Is het niet zo dat Brussel graag wil dat Nederland minder dieren gaat houden en dat afbouwen van de derogatie een drukmiddel is om dat te realiseren?

‘Daar lijkt het wel op. Ook in de hoofden van deze ambtenaren wordt direct de link gelegd tussen dierlijke mest en verontreiniging van grondwater. Minder dieren zou gunstig zijn voor de waterkwaliteit. Maar iedere boer weet dat dierlijke mest juist nodig is voor een gezonde bodem, die voedingsstoffen zoals stikstof vast kan leggen. Wij waren stomverbaasd dat de commissieleden het onderzoek van Herman de Boer van Wageningen Universiteit niet kenden. Hij toonde wetenschappelijk aan dat het risico op uitspoeling van stikstof veel groter is bij gebruik van kunstmest dan bij gebruik van dierlijke mest. Ons is toegezegd dat ze dit rapport gaan bestuderen en met een reactie komen. Het gaat misschien wat te ver om te zeggen dat we de ambtenaren op andere gedachte hebben kunnen brengen.

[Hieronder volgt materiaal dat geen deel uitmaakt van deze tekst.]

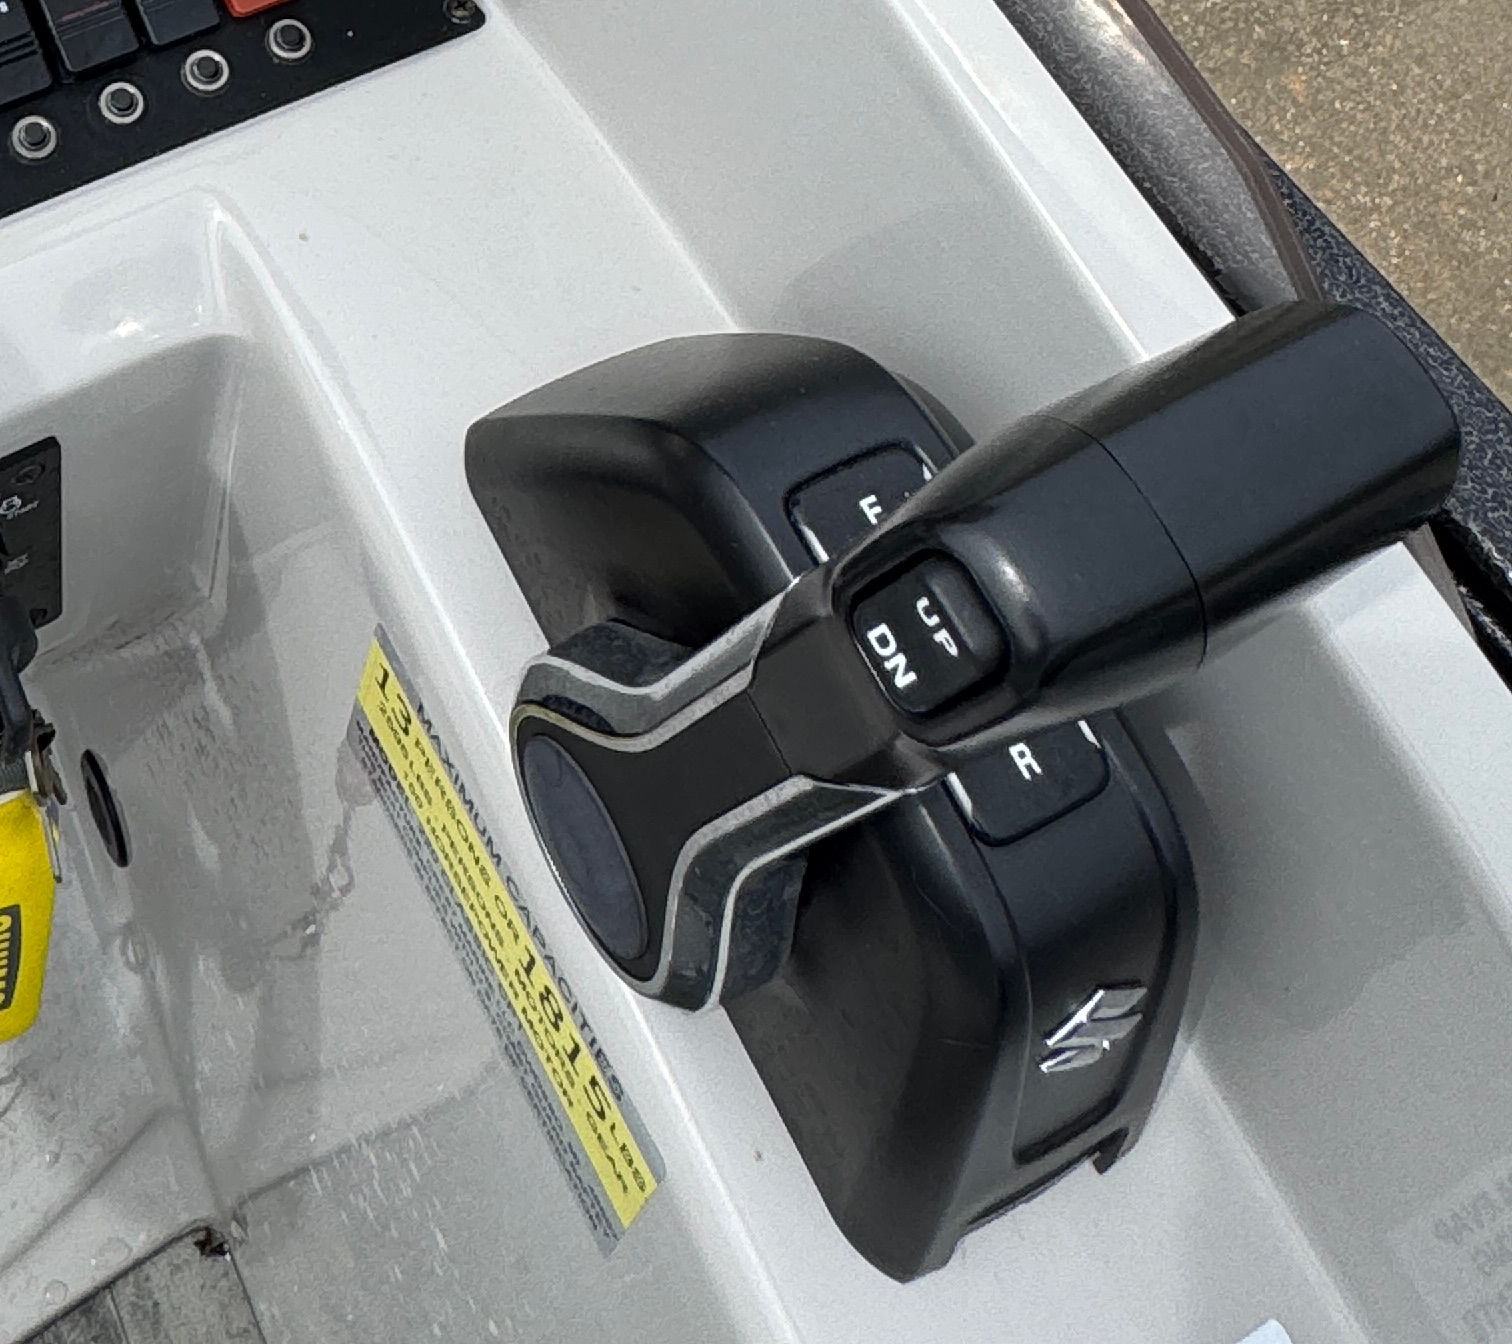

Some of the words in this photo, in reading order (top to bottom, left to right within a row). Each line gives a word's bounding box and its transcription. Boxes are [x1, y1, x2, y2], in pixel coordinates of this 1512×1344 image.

[859, 494, 883, 526] F
[866, 622, 918, 690] DN
[915, 596, 960, 658] UP
[1008, 741, 1044, 782] R
[374, 657, 413, 741] 13
[414, 735, 491, 889] PERSONS
[492, 890, 520, 945] OR
[517, 941, 612, 1125] 1815
[608, 1120, 648, 1195] LBS
[416, 700, 502, 868] MAXIMUM
[504, 869, 626, 1106] CAPACITIES
[520, 1004, 574, 1110] MOTOR
[585, 1109, 629, 1194] GEAR
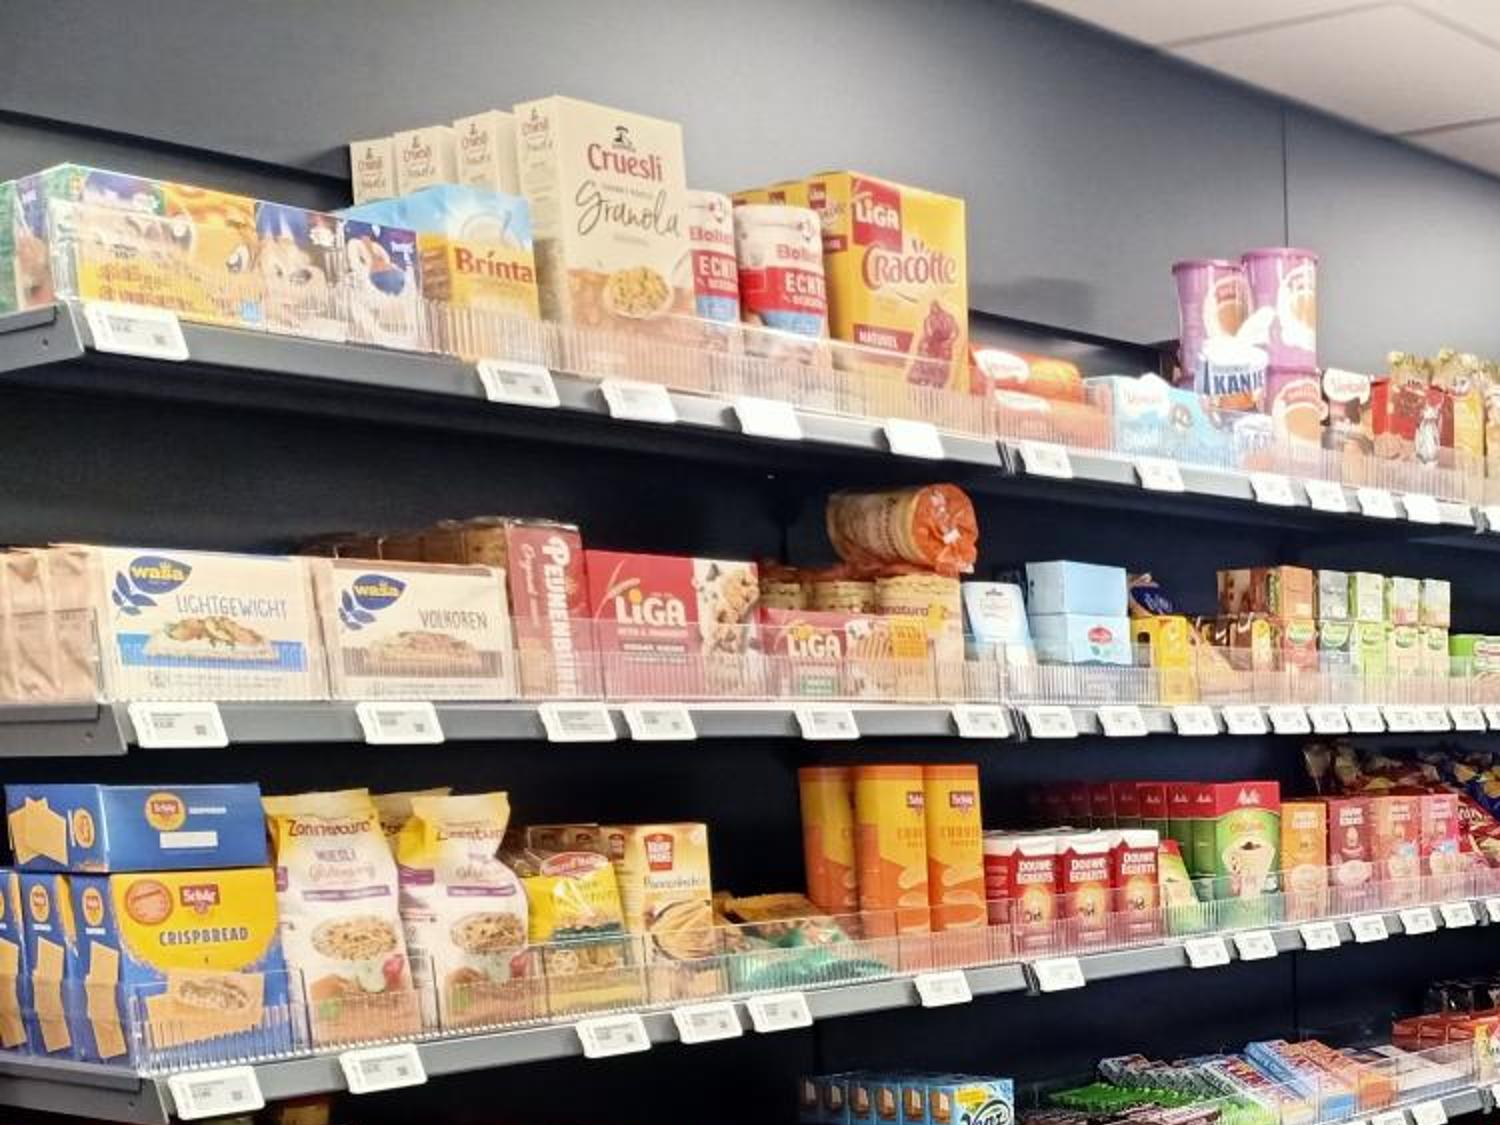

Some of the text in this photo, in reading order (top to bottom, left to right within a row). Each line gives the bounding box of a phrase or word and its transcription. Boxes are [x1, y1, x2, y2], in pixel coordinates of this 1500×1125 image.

[587, 143, 663, 182] Cruesli
[575, 179, 681, 237] Granola
[455, 247, 533, 286] Brinta
[177, 594, 287, 619] LICHTGEWICHT
[159, 927, 249, 945] CRISPBREAD
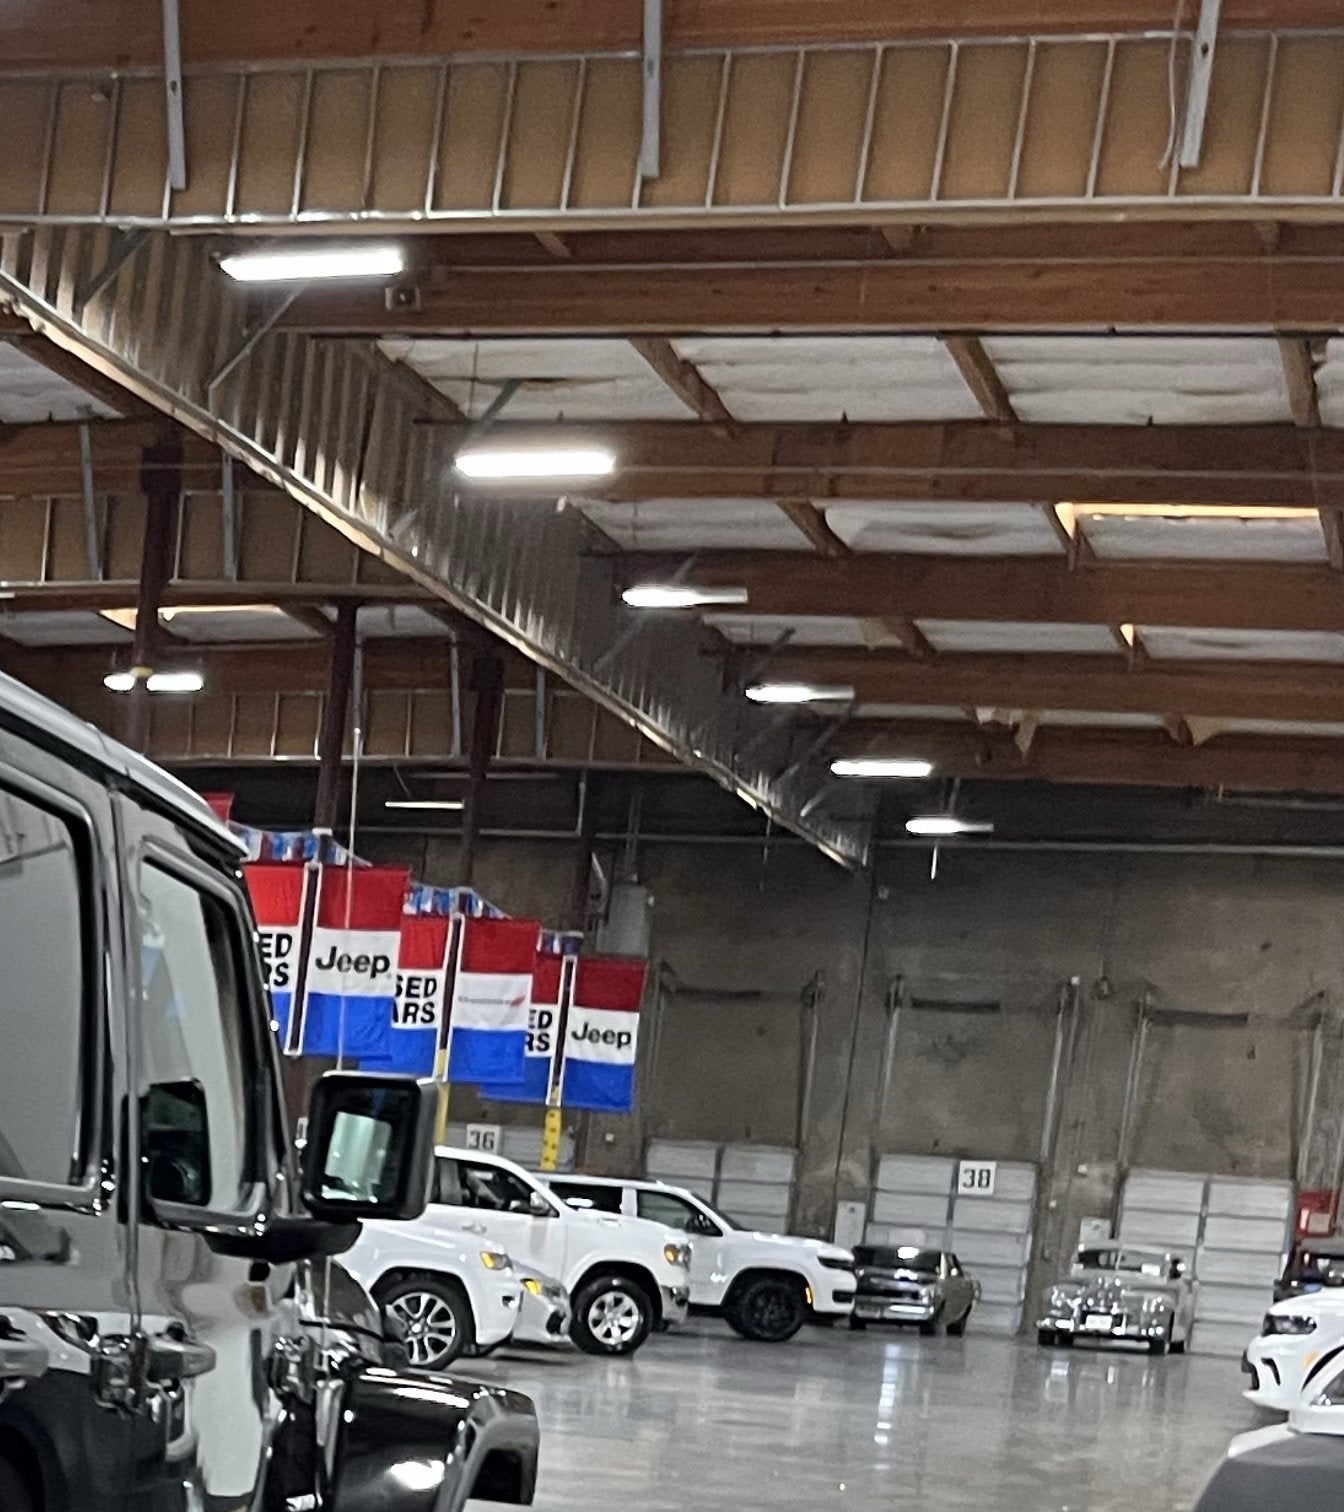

Maar we hebben in ieder geval wel een zaadje kunnen planten voor verandering.’

Wat moet er nu gebeuren?

‘Om de nood op korte termijn te verlichten hebben we bij minister Adema nog het verzoek neergelegd om uitrijden van meer dierlijke mest tijdelijk te gedogen. Daar heeft hij officieel ook nog niet op gereageerd. Maar een structurele oplossing moet uit Brussel komen. De commissie benadrukte het belang van een gedegen en stabiel beleid voor de lange termijn. Wij roepen de formerende partijen op om met spoed werk te maken van een plan om de derogatie terug te krijgen. Er moet een goed, met de juiste cijfers, onderbouwd plan komen, waarin rekening wordt gehouden met de milieudoelen, maar ook met de kwaliteit van de bodem en het gewas. Wij zullen daar ons best voor gaan doen, maar hebben daarvoor wel steun nodig van de politiek. De versnelling in de toelating van renure kwam er toen premier Rutte zich ermee ging bemoeien.’